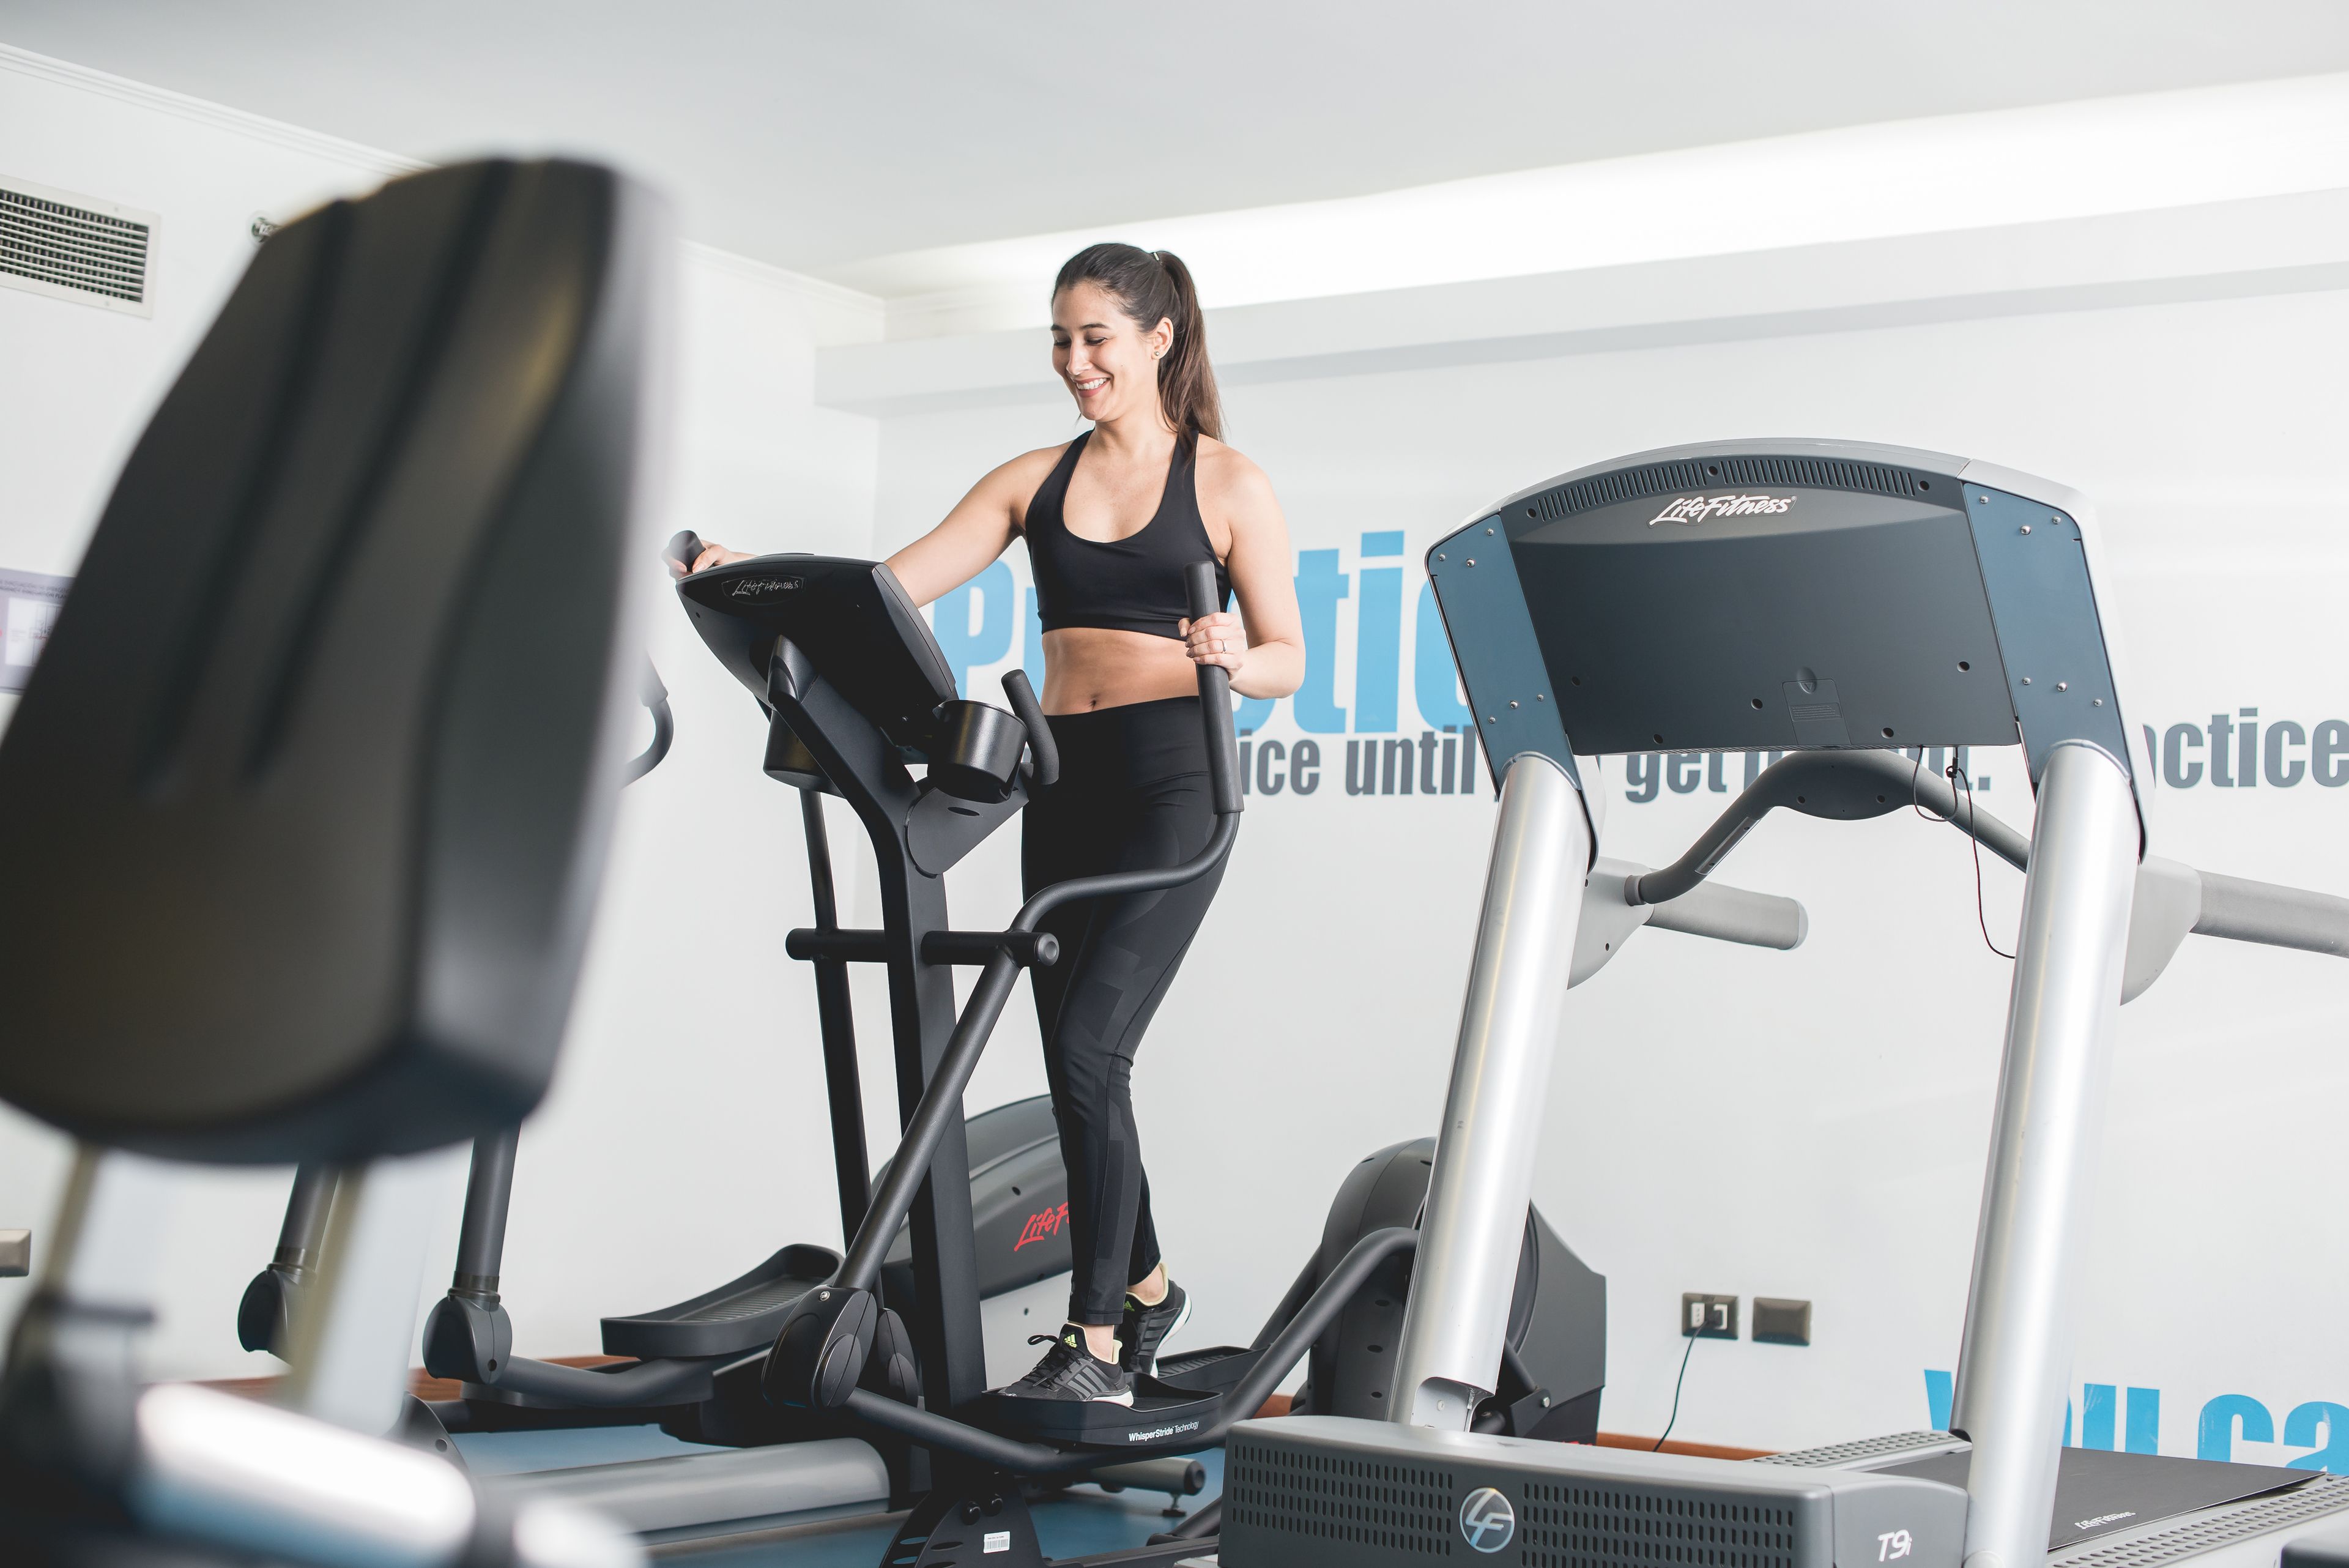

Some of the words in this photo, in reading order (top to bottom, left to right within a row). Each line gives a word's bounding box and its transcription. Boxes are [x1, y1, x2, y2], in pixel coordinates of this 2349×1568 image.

[1345, 724, 1475, 795] until
[1174, 1421, 1200, 1433] Technology
[1877, 1529, 1912, 1562] T9i
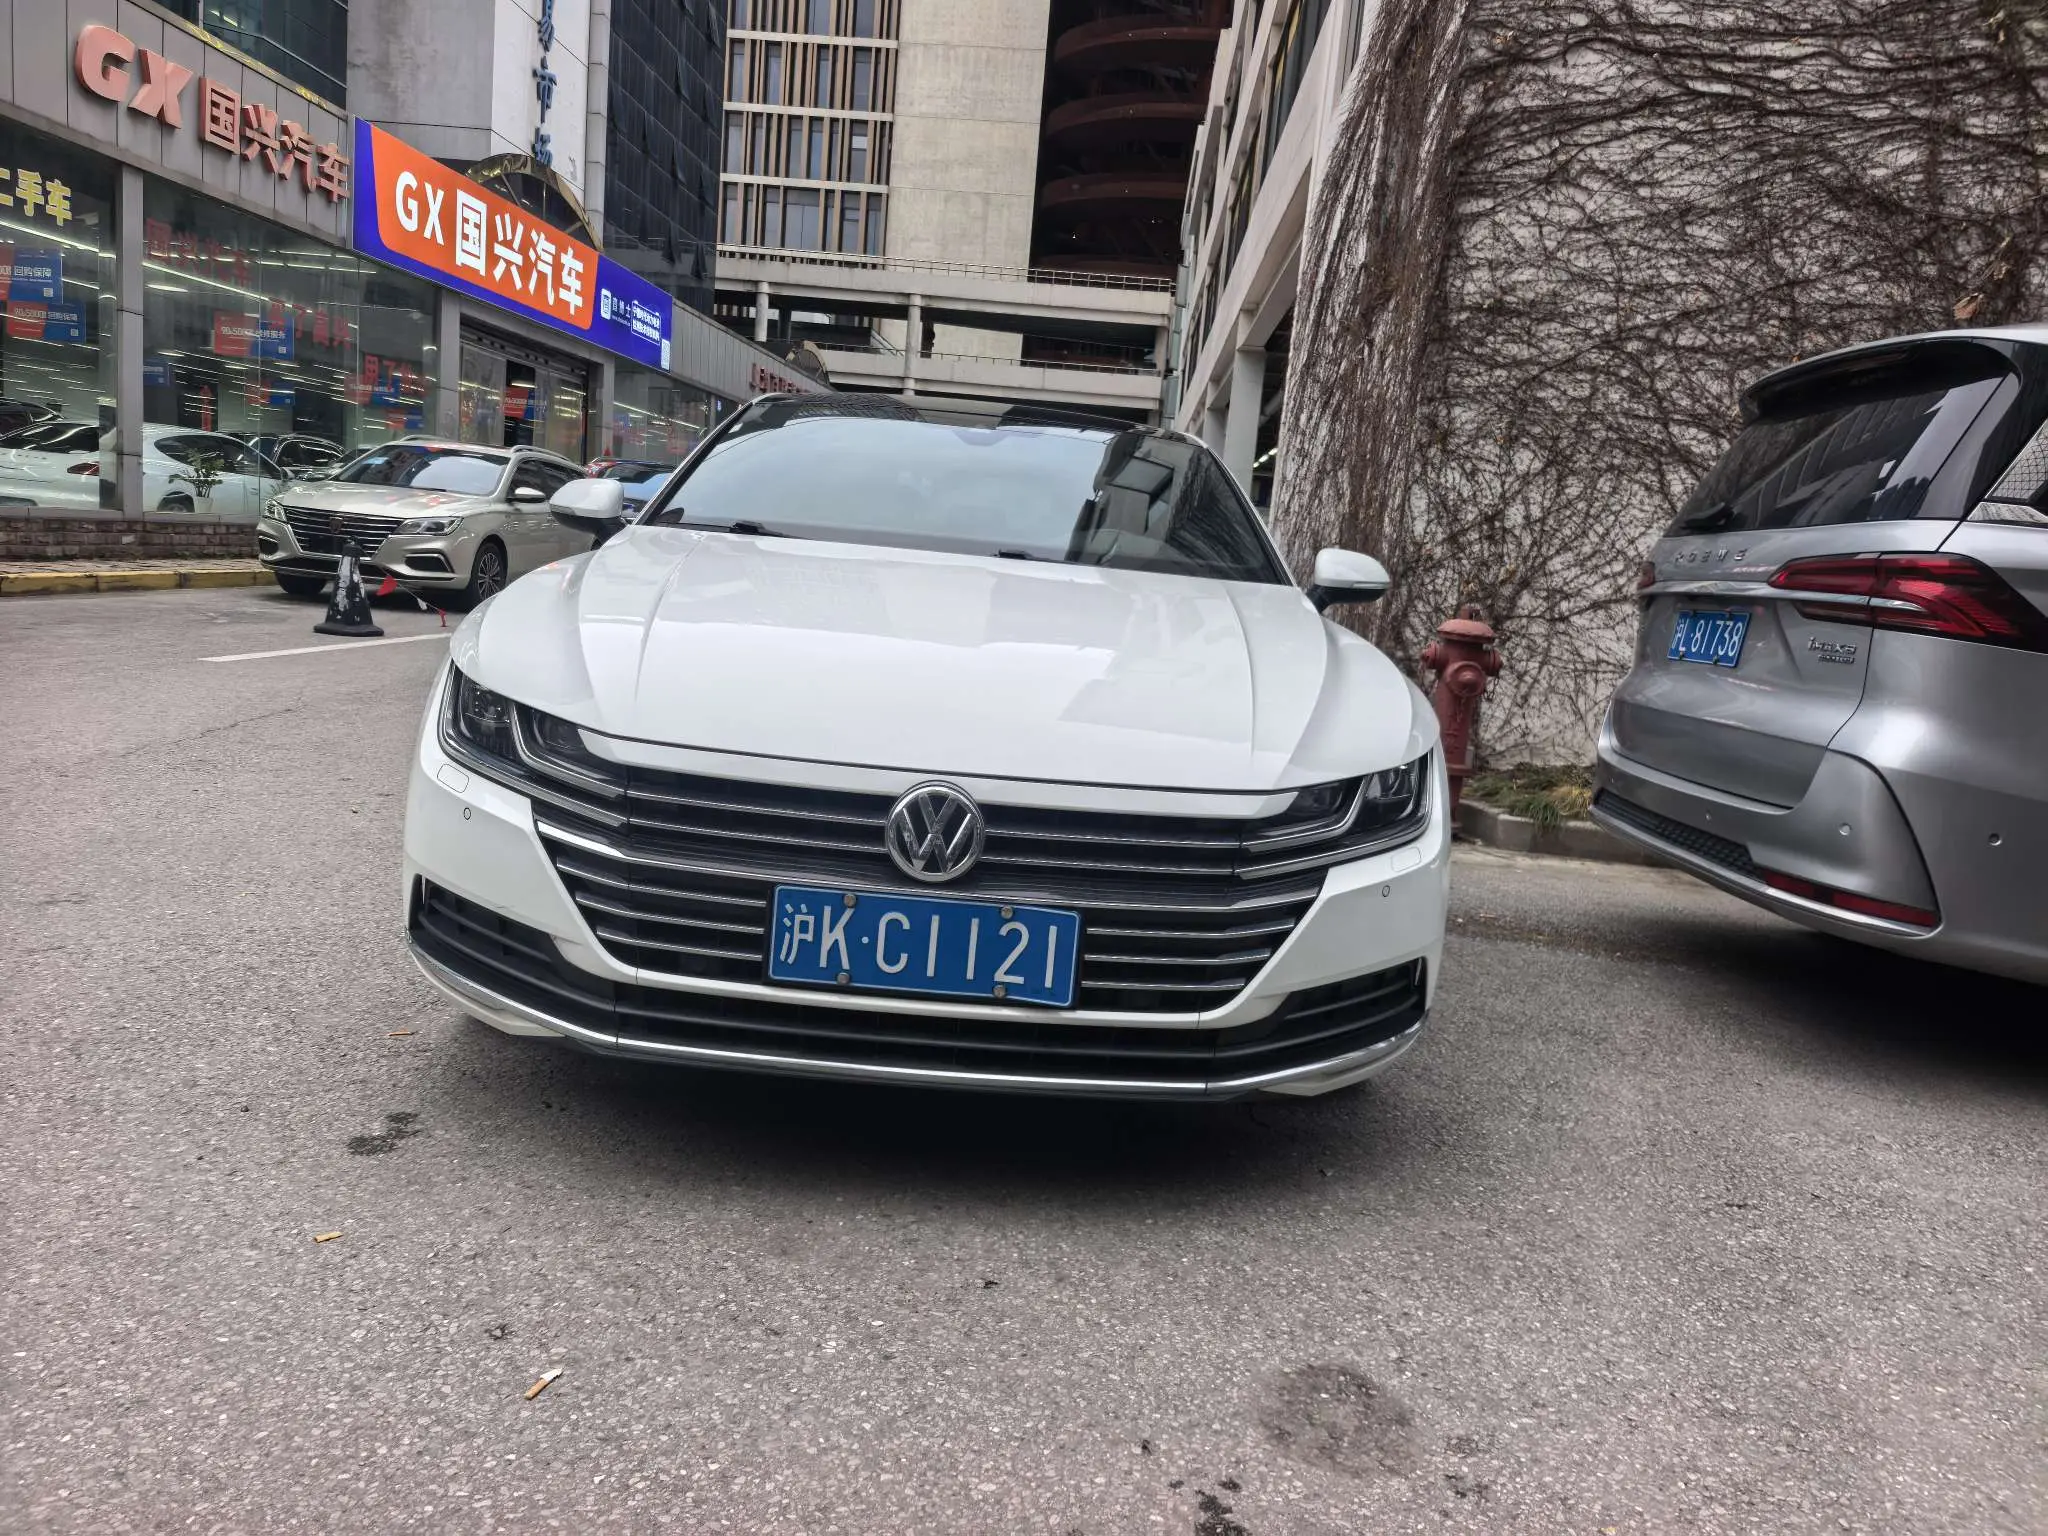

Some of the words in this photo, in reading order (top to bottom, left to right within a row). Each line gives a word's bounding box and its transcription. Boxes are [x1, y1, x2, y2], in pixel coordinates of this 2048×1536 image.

[75, 25, 194, 129] GX
[199, 77, 350, 203] 国兴汽车
[395, 171, 445, 246] GX
[456, 188, 585, 316] 国兴汽车

YOUR TASK. From the first line to the last, repeat the records exactly and skip the pictures.

TASK RESPONSE.
Some of the words in this photo, in reading order (top to bottom, left to right within a row). Each line gives a word's bounding box and its transcription. Boxes are [x1, y1, x2, y2], in pixel coordinates of this 2349×1568 image.

[1345, 724, 1475, 795] until
[1174, 1421, 1200, 1433] Technology
[1877, 1529, 1912, 1562] T9i

Some of the words in this photo, in reading order (top to bottom, left to right within a row). Each line gives a word's bounding box and its transcription. Boxes are [x1, y1, x2, y2], in pixel coordinates of this 2048×1536 image.

[75, 25, 194, 129] GX
[199, 77, 350, 203] 国兴汽车
[395, 171, 445, 246] GX
[456, 188, 585, 316] 国兴汽车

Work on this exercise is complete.